The records below are to be repeated exactly, and their pictures left out.

- **AVAILABLE RECORDS**:
=== Begin Enclosure ===
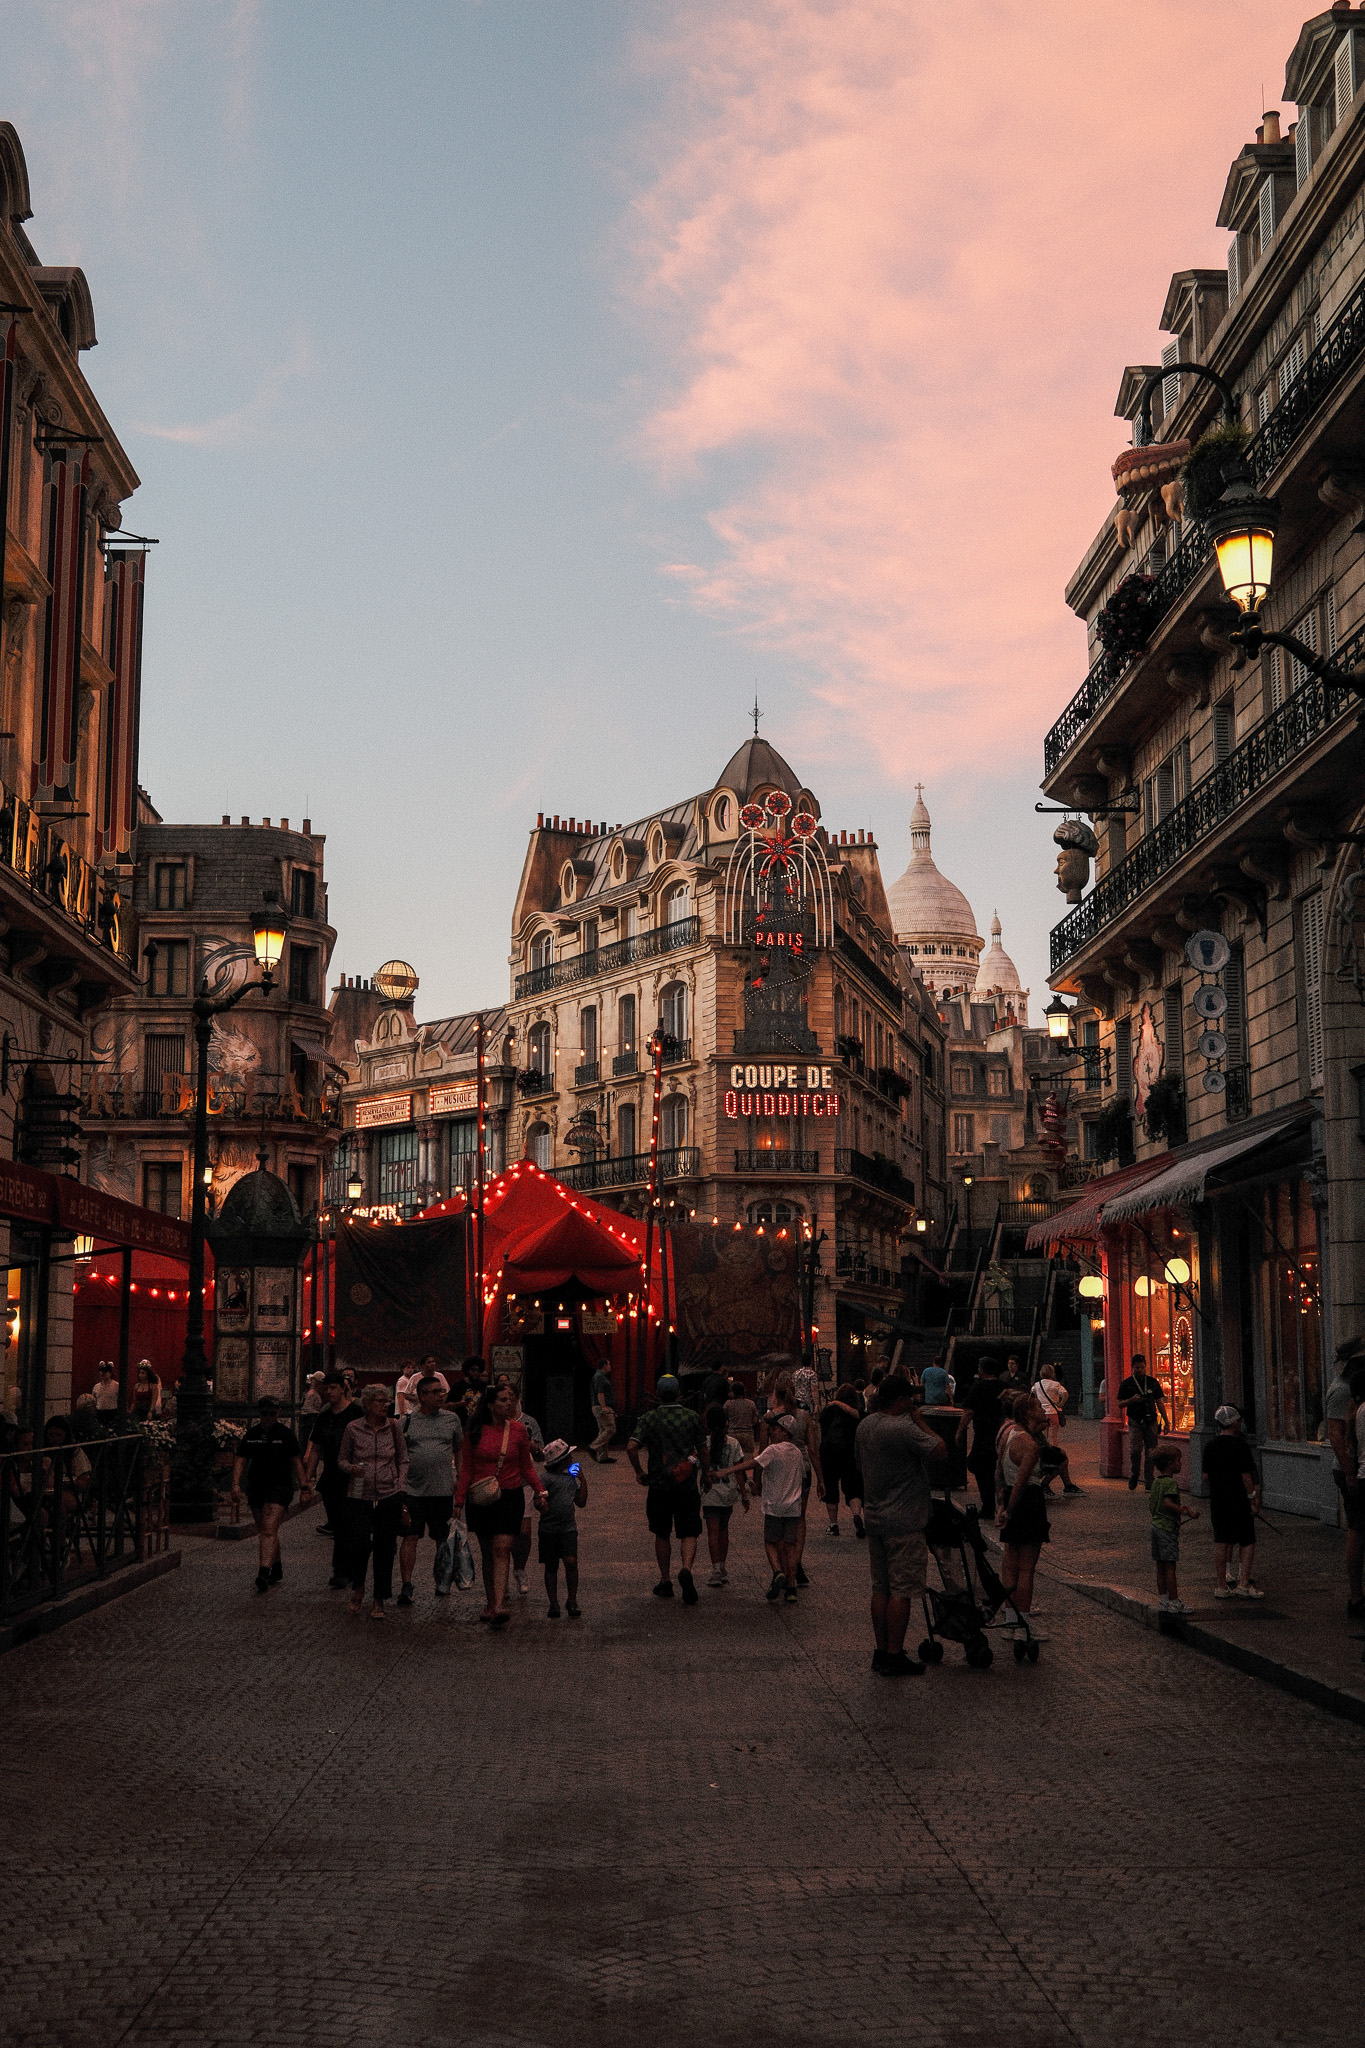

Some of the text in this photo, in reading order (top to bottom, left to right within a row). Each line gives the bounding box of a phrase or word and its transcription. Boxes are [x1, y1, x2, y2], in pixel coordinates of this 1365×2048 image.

[756, 931, 804, 947] PARIS
[731, 1065, 833, 1089] COUPE DE
[443, 1092, 472, 1106] MUSIQUE
[724, 1090, 840, 1119] QUIDDITCH
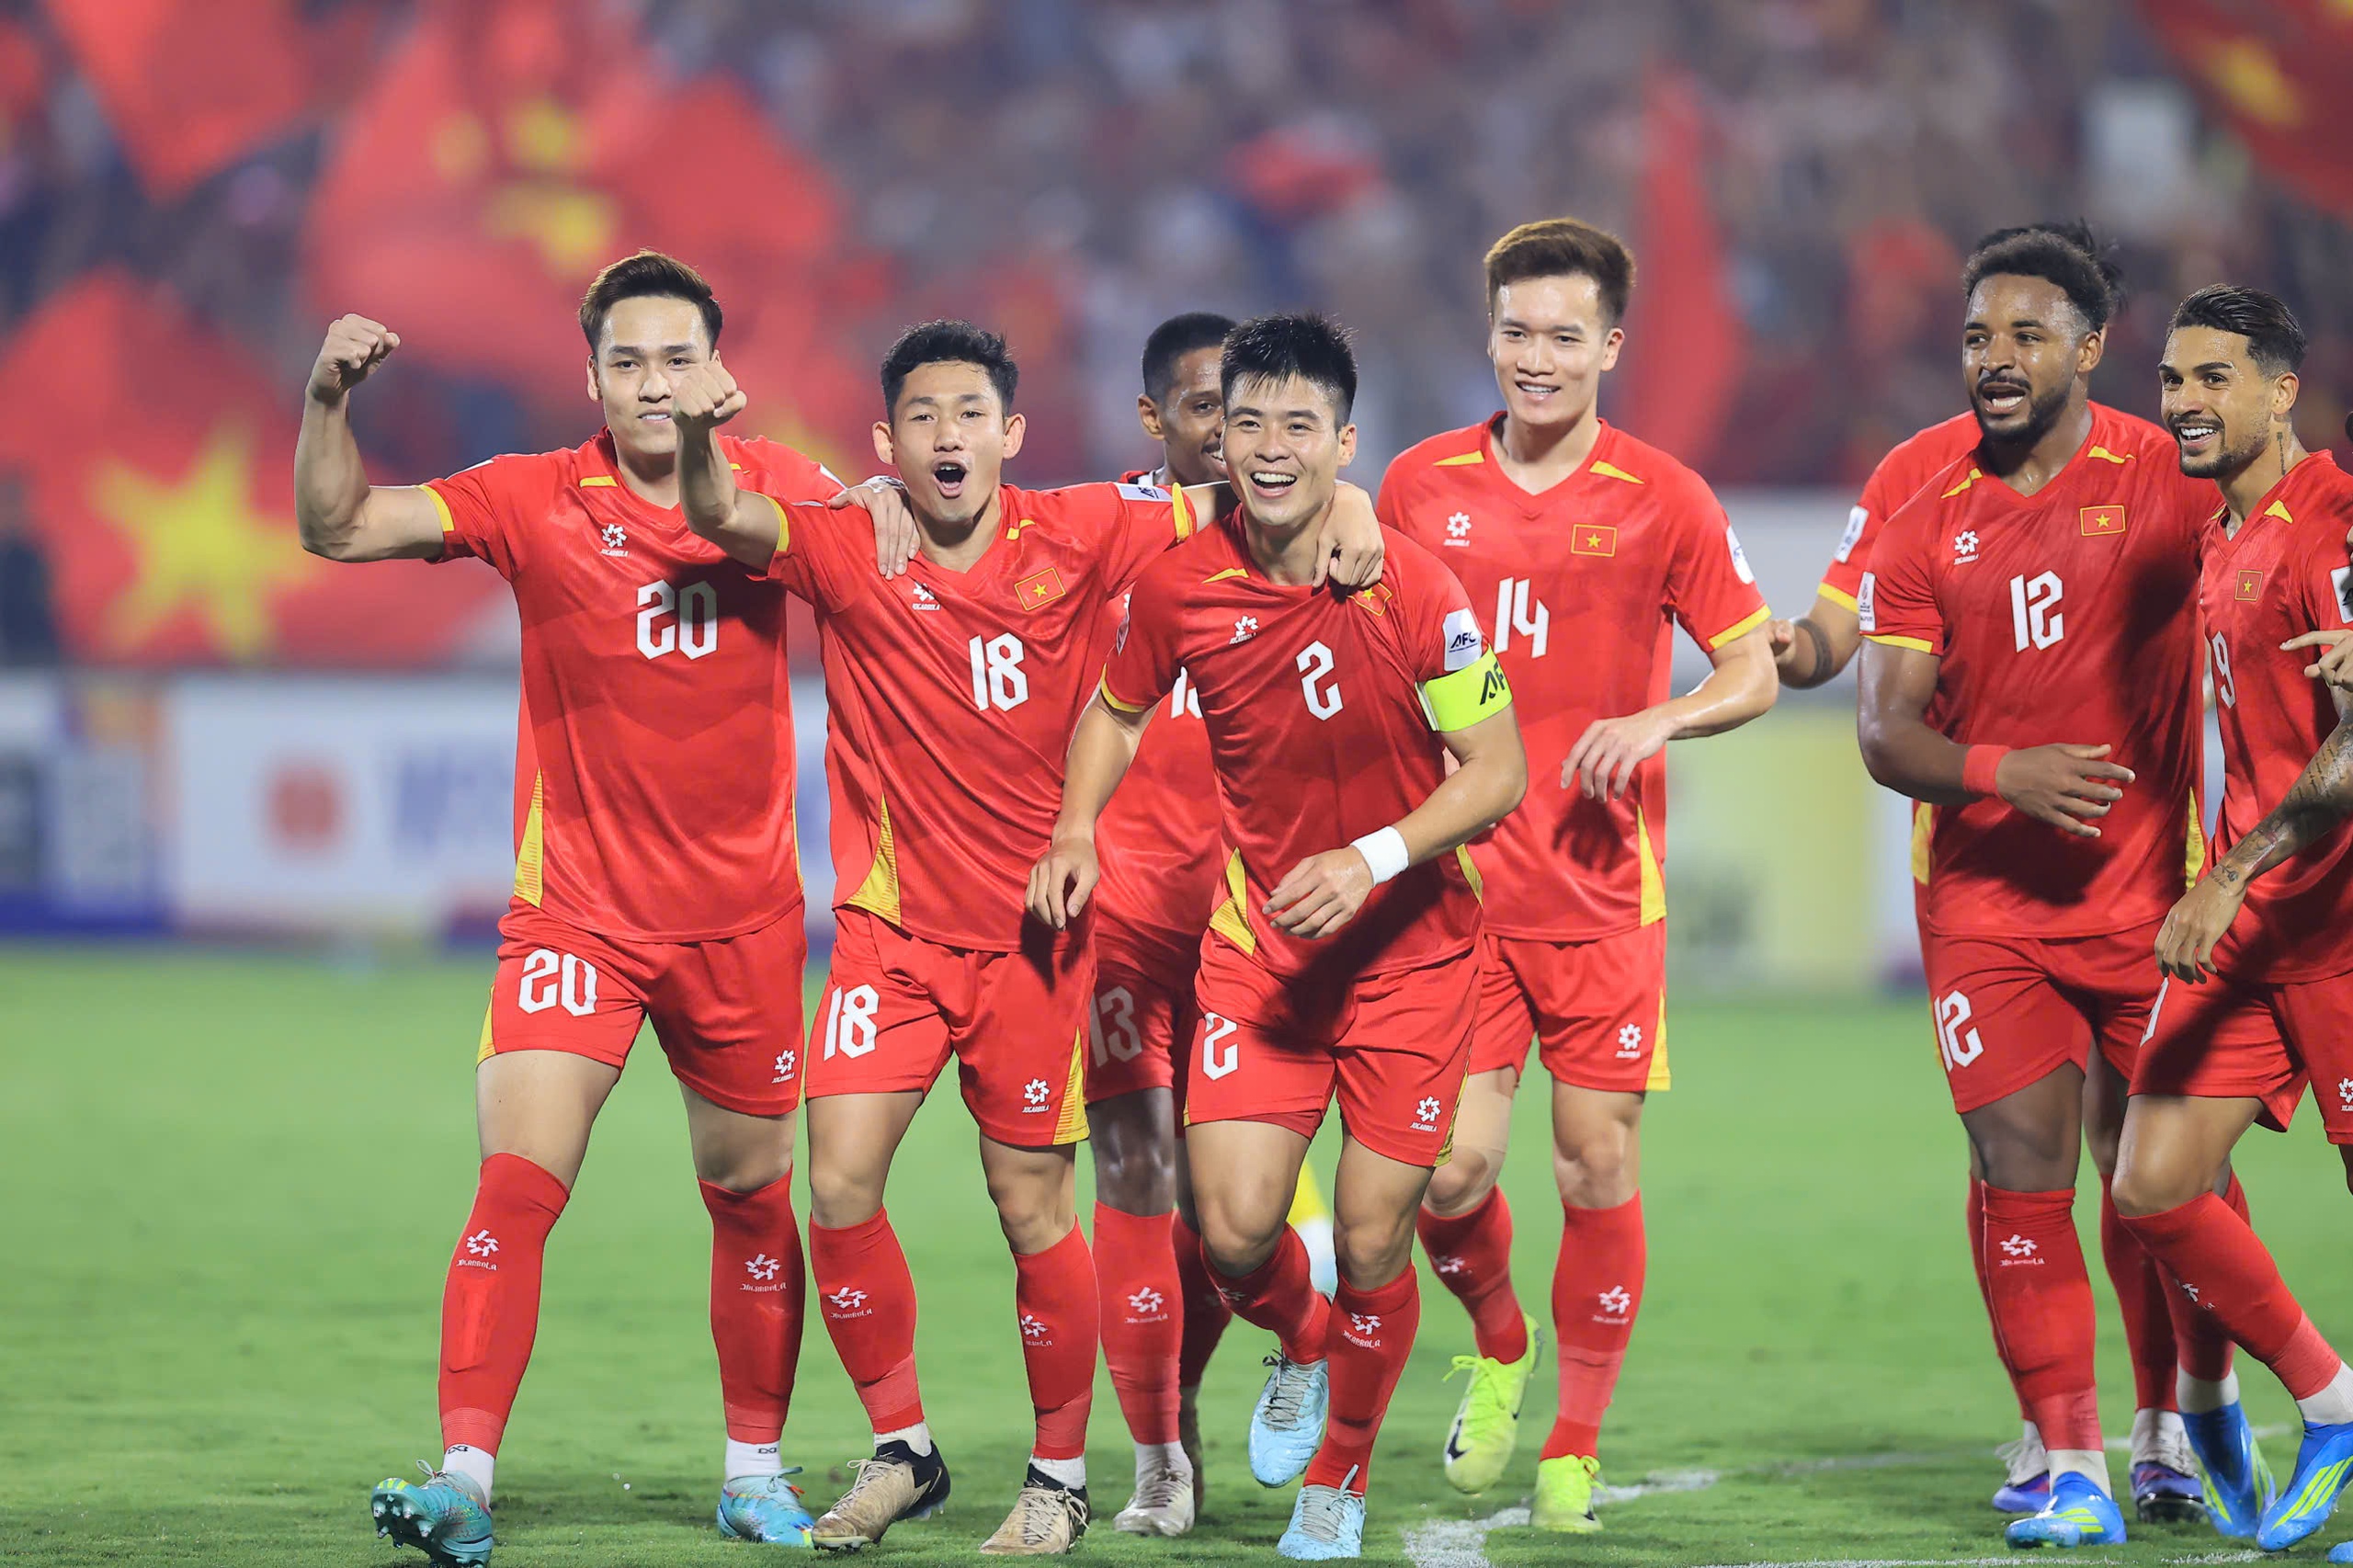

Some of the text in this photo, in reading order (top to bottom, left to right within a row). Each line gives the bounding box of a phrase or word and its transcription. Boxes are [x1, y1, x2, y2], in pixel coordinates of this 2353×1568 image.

[636, 579, 719, 661] 20
[1494, 576, 1551, 659] 14
[2010, 569, 2064, 653] 12
[968, 632, 1029, 712] 18
[1295, 640, 1344, 722] 2
[517, 949, 598, 1017] 20
[824, 983, 881, 1062] 18
[1088, 985, 1142, 1068] 13
[1202, 1011, 1239, 1082] 2
[1933, 990, 1984, 1073] 12
=== End Enclosure ===
- **EXERCISE RESULT**:
Some of the text in this photo, in reading order (top to bottom, left to right within a row). Each line gives the bounding box of a phrase or word and its transcription. Boxes are [x1, y1, x2, y2], in pixel coordinates of this 1365×2048 image.

[756, 931, 804, 947] PARIS
[731, 1065, 833, 1089] COUPE DE
[443, 1092, 472, 1106] MUSIQUE
[724, 1090, 840, 1119] QUIDDITCH

Some of the text in this photo, in reading order (top to bottom, left to right within a row). Each line gives the bounding box of a phrase or word and its transcription. Boxes are [x1, y1, x2, y2], in pixel coordinates of this 2353×1568 image.

[636, 579, 719, 661] 20
[1494, 576, 1551, 659] 14
[2010, 569, 2064, 653] 12
[968, 632, 1029, 712] 18
[1295, 640, 1344, 722] 2
[517, 949, 598, 1017] 20
[824, 983, 881, 1062] 18
[1088, 985, 1142, 1068] 13
[1202, 1011, 1239, 1082] 2
[1933, 990, 1984, 1073] 12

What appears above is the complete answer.